The Wall Street Journal’s L. Gordon Crovitx makes the case for unilateral free trade by comparing the continued success of Hong Kong to the technology industry:

“Unilateral free trade is never an issue,” reports Yeung Wai Hong, publisher of the popular Chinese-language weekly Next Magazine. Unilateral free trade remains policy here under Chinese rule, as it was under Britain. Mr. Yeung noted that one of the few tariffs that did exist, on wine, was recently abolished, and in typically speedy fashion Hong Kong is already hosting some of the world’s biggest wine exhibitions and auctions.

Few places practice unilateral free trade, but one reason the failure of the recent trade negotiations hasn’t been bigger news is the less well-understood point that some of the most important industries in the world live in their own version of a free-trading Hong Kong.
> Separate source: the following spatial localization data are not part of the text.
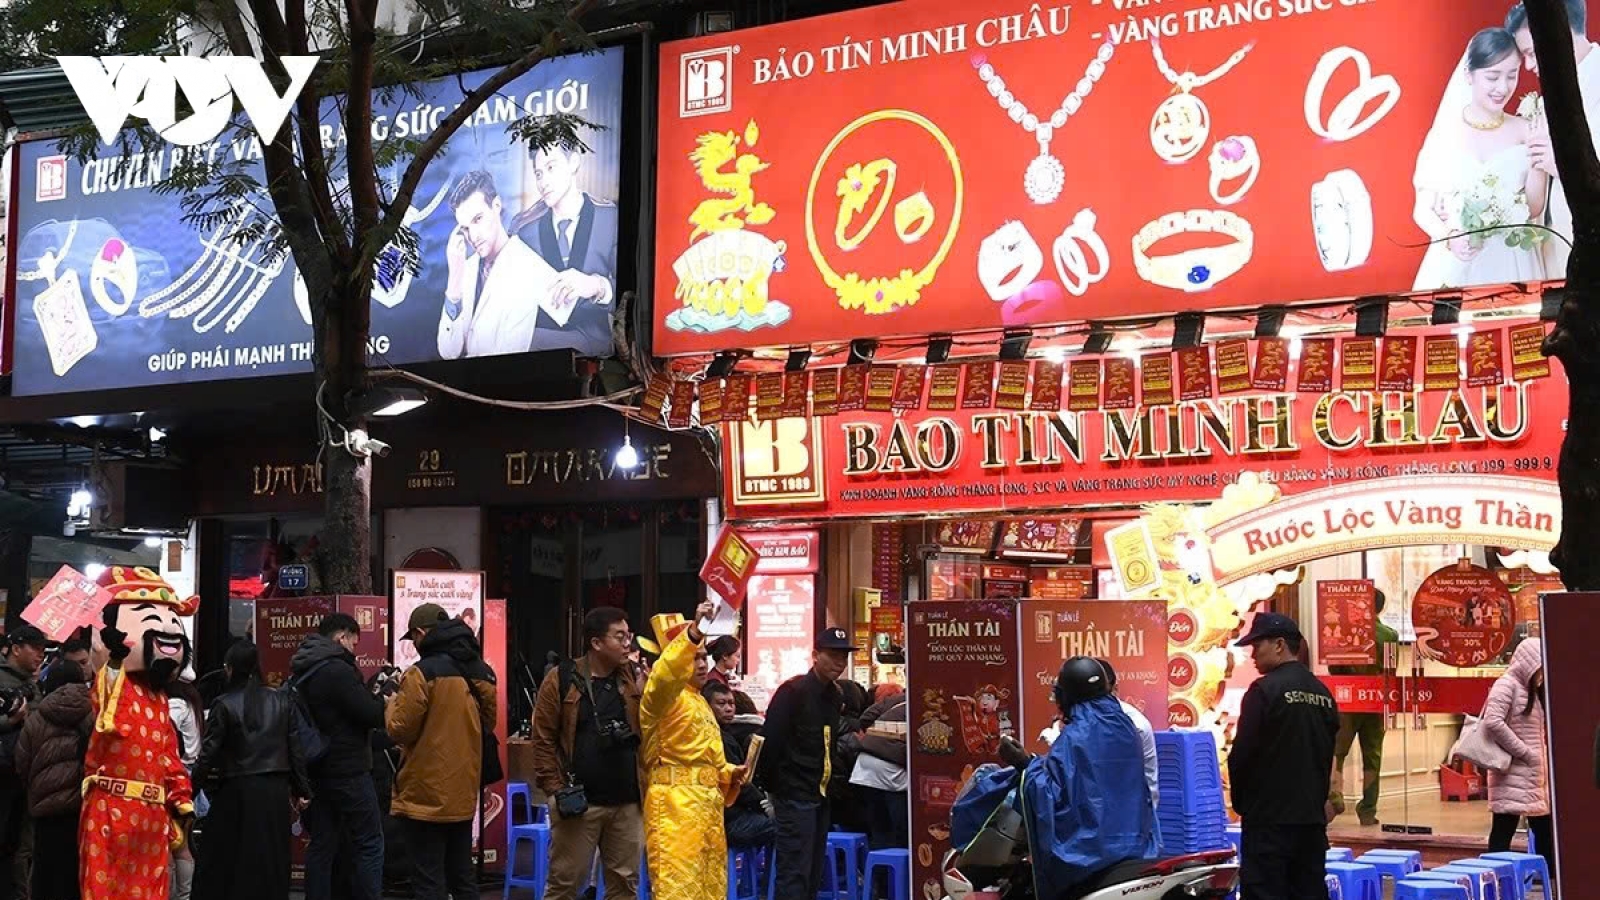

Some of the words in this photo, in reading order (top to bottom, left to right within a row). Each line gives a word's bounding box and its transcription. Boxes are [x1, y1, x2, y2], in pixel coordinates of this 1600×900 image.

[1108, 14, 1179, 45] VÀNG
[1184, 0, 1272, 33] TRANG
[753, 47, 814, 85] BẢO
[821, 36, 872, 73] TÍN
[880, 24, 967, 65] MINH
[975, 3, 1072, 49] CHÂU
[524, 79, 589, 116] GIỚI
[148, 348, 186, 372] GIÚP
[192, 345, 229, 370] PHÁI
[235, 344, 286, 369] MẠNH
[842, 407, 965, 475] BẢO
[1100, 394, 1298, 461] MINH
[420, 450, 440, 470] 29
[744, 478, 778, 493] BTMC
[781, 476, 811, 491] 1989
[864, 488, 897, 500] DOANH
[901, 485, 928, 498] VÀNG
[930, 482, 959, 498] RỒNG
[1055, 478, 1068, 492] VÀ
[1072, 476, 1100, 491] VÀNG
[1103, 477, 1140, 490] TRANG
[1143, 473, 1162, 489] SỨC
[1167, 472, 1184, 488] MỸ
[1187, 472, 1218, 489] NGHỆ
[1514, 456, 1552, 470] 999.9
[1243, 519, 1314, 555] Rước
[1324, 504, 1376, 535] Lộc
[1384, 500, 1463, 529] Vàng
[1475, 499, 1554, 533] Thần
[288, 578, 300, 586] 17
[407, 588, 427, 600] Trang
[974, 618, 1000, 637] TÀI
[1168, 621, 1191, 633] Đón
[1057, 621, 1111, 660] THẦN
[1115, 623, 1145, 657] TÀI
[1464, 638, 1481, 647] 30%
[978, 653, 1005, 661] KHANG
[1170, 665, 1188, 679] Lộc
[1284, 690, 1333, 709] SECURITY
[1405, 690, 1432, 701] 189
For many newer, knowledge-based industries, the U.S. has not relied on multiparty or bilateral agreements. Instead, Information Age industries have usually not sought trade protections and have thrived by being left alone. “Such ultramodern industries as telecommunications and financial services gained their momentum largely from unilateral openness and deregulation in the U.S.,” economist Jagdish Bhagwati has explained. “A Brussels bureaucrat can argue with a Washington bureaucrat, but he cannot argue with the markets.”

As Mr. Bhagwati puts it, “If we refuse to reduce our trade barriers just because others do not reduce theirs, we lose from our trading partners’ barriers and then lose again from our own.” So a proper response to the failure of multilateral trade talks would be to extend the benefits granted to lucky industries such as technology — by granting all industries the same unilateral free trade.